Parcourir

Dreamcatcher

Onirophrénie, l’histoire de l’attrape-rêves cassé

12 juin 2017

C’est en me traînant une étrange fièvre inexpliquée que j’ai terminé l’autre jour Onirophrénie, un machin post-apo un peu bizarre de 420 000 signes. Ce texte n’était pas prévu (parce que, je ne sais pas si vous avez oublié, mais je devais bosser sur la publication de Tueurs d’anges à la place, et me remettre au travail sur les notes de L’Épine Noire, mon projet fantasy), il est venu un peu comme ça, comme une envie soudaine. D’ailleurs, je n’ai pas l’intention de le retravailler et de le corriger de sitôt, il fallait juste que je l’écrive. Il fallait que les mots sortent.

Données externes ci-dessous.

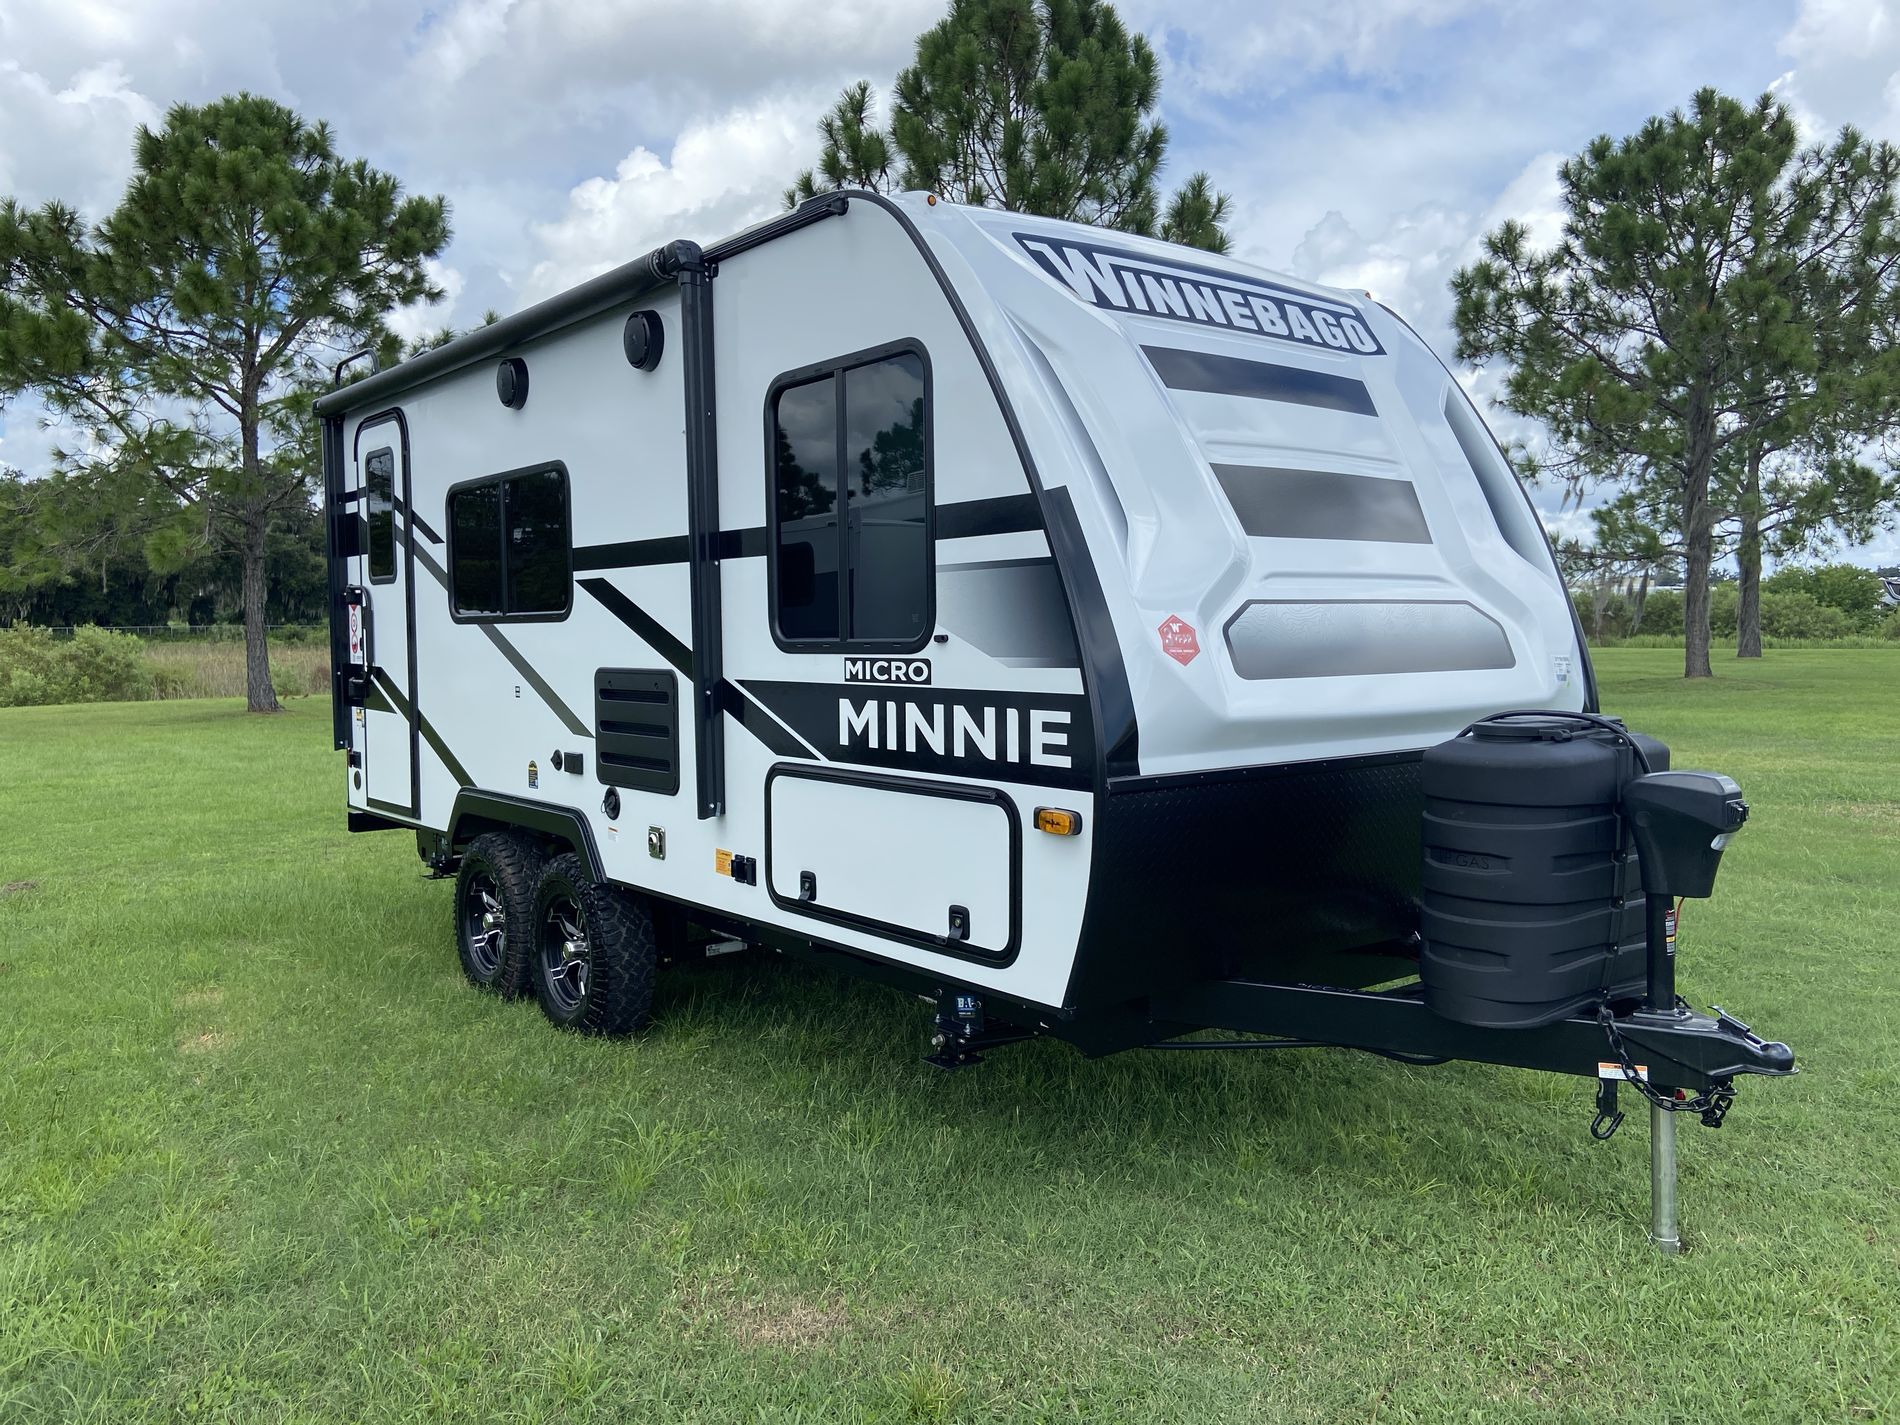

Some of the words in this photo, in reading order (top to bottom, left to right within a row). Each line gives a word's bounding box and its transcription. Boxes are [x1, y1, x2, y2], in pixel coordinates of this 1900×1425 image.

Onirophrénie, c’est l’histoire de Lili, ma marcheuse de rêves, que vous connaissez déjà si vous avez lu la trilogie de nouvelles L’attrape-rêves, dans Fêlures, ou La balade des marcheurs de rêves. Ce dernier texte, d’ailleurs, c’est une introduction à son histoire, les premières pages d’Onirophrénie reprennent presque mot pour mot les dernières pages de la nouvelle. L’on découvre comment Lili survit pendant les 600 jours de la fin du monde, en compagnie de Fañch, un ado jeté dehors par ses parents quand ils ont découvert son homosexualité, et comment elle vivote comme elle le peut, en prise avec son pouvoir capricieux de marcheuse de rêves et ses chagrins jamais réglés. Ce qui, au final, revient au même : les rêves ne sont que l’expression de la psyché humaine, ce qui signifie que son don si particulier se confond avec ses peines.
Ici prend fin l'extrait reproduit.